Le chef de l’Eglise maronite, qui a visité la France du 7 au 11 mai 2016, a été accueilli dans la salle de la Conférence des évêques de France par Mgr André Vingt-Trois, archevêque de Paris. A cette occasion, Mgr Béchara Raï, a réfuté l’allégation selon laquelle les musulmans voudraient vider la région de ses chrétiens. Il a appelé à faire une distinction entre musulmans et terroristes, «que rien ne lie».
Le patriarche demande la cessation du soutien aux terroristes
Lors de sa visite à Paris, Mgr Raï a déclaré que «dans leur esprit citoyen, les vrais musulmans sont attachés au partenariat et à la coexistence avec les chrétiens». Le patriarche maronite a également exhorté les pays qui soutiennent les extrémistes à mettre fin à cet appui «pour que les organisations terroristes cessent de commettre des crimes contre l’humanité». Il a confié qu’il prie tous les jours «pour que les intégristes reviennent à Dieu et à leur humanité perdue contre une poignée d’argent ou de promesses mensongères et irréalisables».
Mgr Raï a estimé que les crises régionales avaient un impact négatif sur le Liban. Selon le quotidien libanais, le patriarche maronite a appelé à «mettre le pays à l’écart des conflits et des axes régionaux et internationaux», estimant que le Liban, «exemple de la rencontre des religions et des cultures, ne peut continuer à payer les pots cassés toutes les fois qu’un régime est ébranlé ou qu’une crise éclate».
Le Liban «ne peut continuer à payer les pots cassés»

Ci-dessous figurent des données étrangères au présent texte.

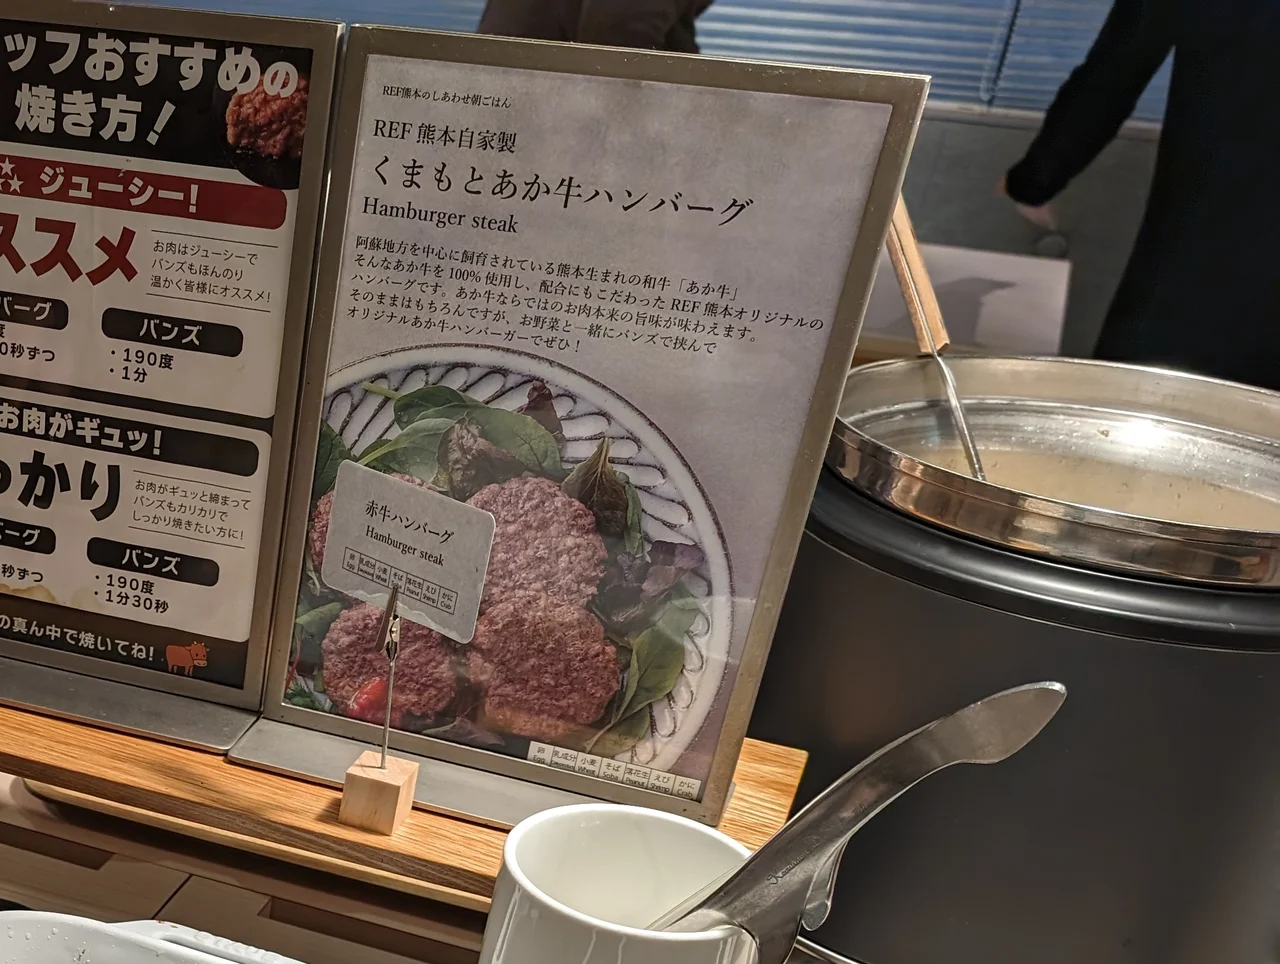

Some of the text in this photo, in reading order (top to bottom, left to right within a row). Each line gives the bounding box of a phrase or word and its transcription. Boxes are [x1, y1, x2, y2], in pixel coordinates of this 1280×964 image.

[382, 84, 512, 109] REF熊本のしあわせ朝ごはん
[14, 83, 176, 146] 焼き方!
[373, 118, 517, 153] REF 熊本自家製
[39, 166, 199, 213] ジューシー!
[374, 155, 754, 227] くまもとあか牛ハンバーグ
[362, 196, 518, 234] Hamburger steak
[153, 240, 258, 265] お肉はジューシーで
[152, 258, 243, 281] バンズもほんのり
[150, 275, 270, 302] 温かく皆様にオススメ!
[354, 254, 824, 331] そんなあか牛を 100% 使用し、配合にもこだわった REF 熊本オリジナルの
[139, 318, 202, 346] バンズ
[347, 306, 580, 353] オリジナルあか牛ハンバーガーでぜひ!
[133, 496, 228, 522] バンズもカリカリで
[134, 479, 251, 511] お肉がギュッと締まって
[132, 512, 244, 541] しっかり焼きたい方に!
[365, 500, 454, 544] 赤牛ハンバーグ
[122, 549, 181, 576] バンズ
[366, 525, 444, 567] Hamburger steak

Parlant des conséquences négatives de l’afflux des réfugiés syriens au Liban, le cardinal libanais a ajouté que la poursuite de la guerre expose le Liban à un danger permanent, notamment aux plans économique, sécuritaire, politique et social, en mettant l’accent sur la nécessité de résoudre les conflits par des moyens pacifiques et politiques.
Une mutation du religieux, qui se déculturalise et se globalise
Pour sa part, le chercheur Olivier Roy, interviewé par «L’Orient-Le Jour» sur la problématique religieuse au XXIe siècle, a affirmé que «l’idée que l’islam est en train de remplacer le christianisme n’est pas vraie». Auteur de «La Sainte ignorance» (Paris, Le Seuil, 2008), le politologue français, spécialiste de l’islam politique, est directeur du programme «Religio West» et enseignant à l’Institut universitaire européen (EUI), à Florence.

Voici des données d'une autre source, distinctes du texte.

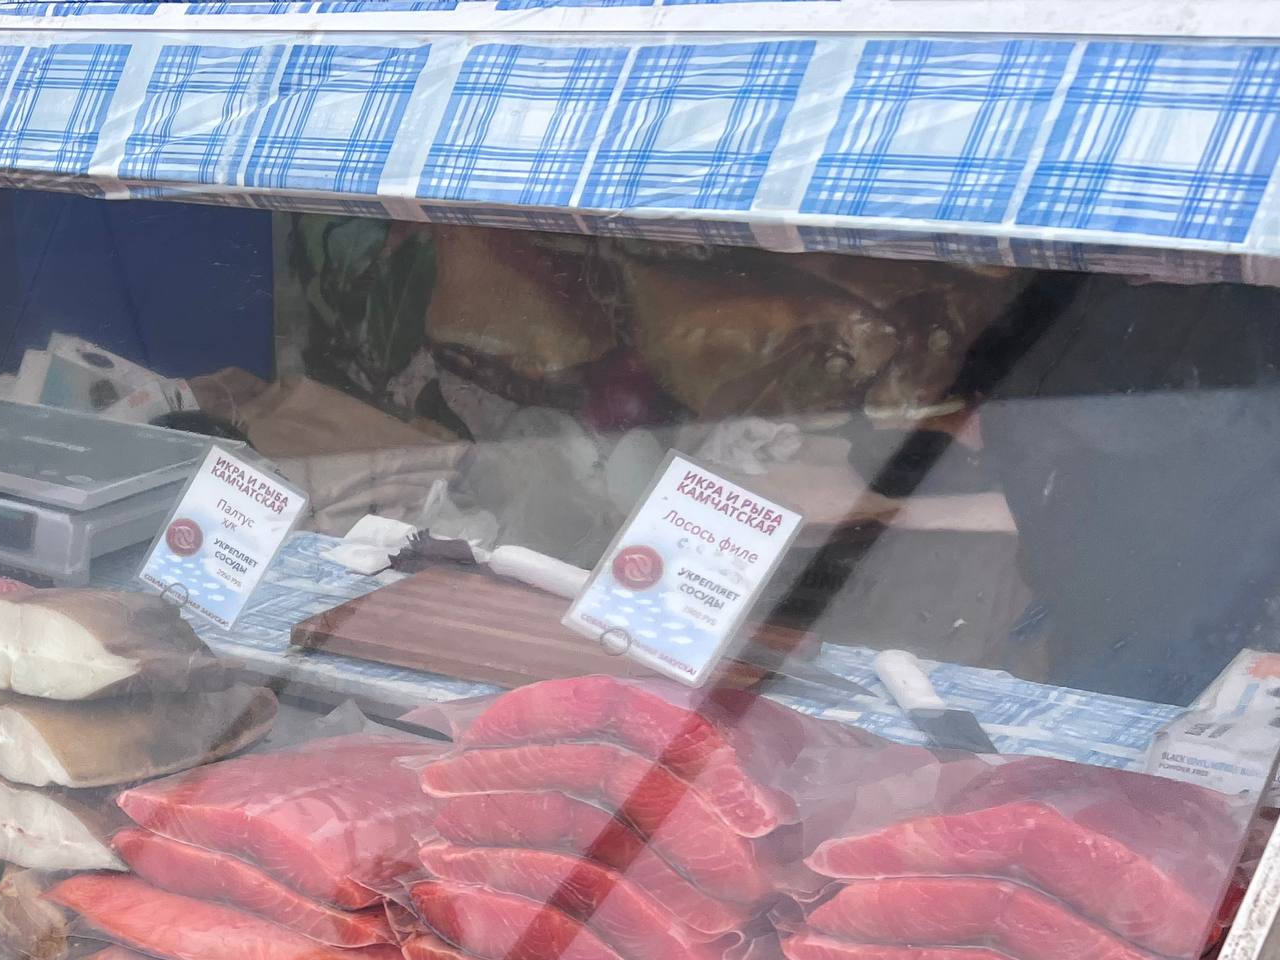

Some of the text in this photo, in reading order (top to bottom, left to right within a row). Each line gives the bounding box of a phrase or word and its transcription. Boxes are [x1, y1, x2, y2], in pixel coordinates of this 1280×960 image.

[209, 465, 285, 514] КАМЧАТСКАЯ
[214, 456, 291, 507] ИКРА И РЫБА
[681, 470, 785, 526] ИКРА И РЫБА
[214, 498, 257, 530] Палтус
[674, 480, 778, 536] КАМЧАТСКАЯ
[212, 537, 259, 568] УКРЕПЛЯЕТ
[661, 507, 720, 544] Лосось
[715, 534, 762, 566] филе
[212, 549, 248, 575] СОСУДЫ
[676, 566, 740, 604] УКРЕПЛЯЕТ
[677, 581, 725, 611] СОСУДЫ

A la question du retour du religieux à l’aube de ce siècle, Olivier Roy affirme qu’il ne s’agit pas de cela, «parce qu’on ne revient pas du tout à une situation qui existait antérieurement». A ses yeux, il s’agit d’une mutation du religieux qui, aujourd’hui, se déculturalise et se globalise. Le religieux est soudainement beaucoup plus visible.
«Surtout, sa déculturalisation entraîne la prévalence de formes fondamentalistes du religieux. De nos jours, les gens ne vont pas vers des religions disons socialement bien intégrées, culturellement enracinées. Ils veulent des religions dures, c’est-à-dire du religieux qui se positionne explicitement en face d’une société sécularisée, qu’ils ne rejettent pas nécessairement, mais qu’ils veulent convertir. Je crois que c’est ça la caractéristique de cette illusion du retour du religieux».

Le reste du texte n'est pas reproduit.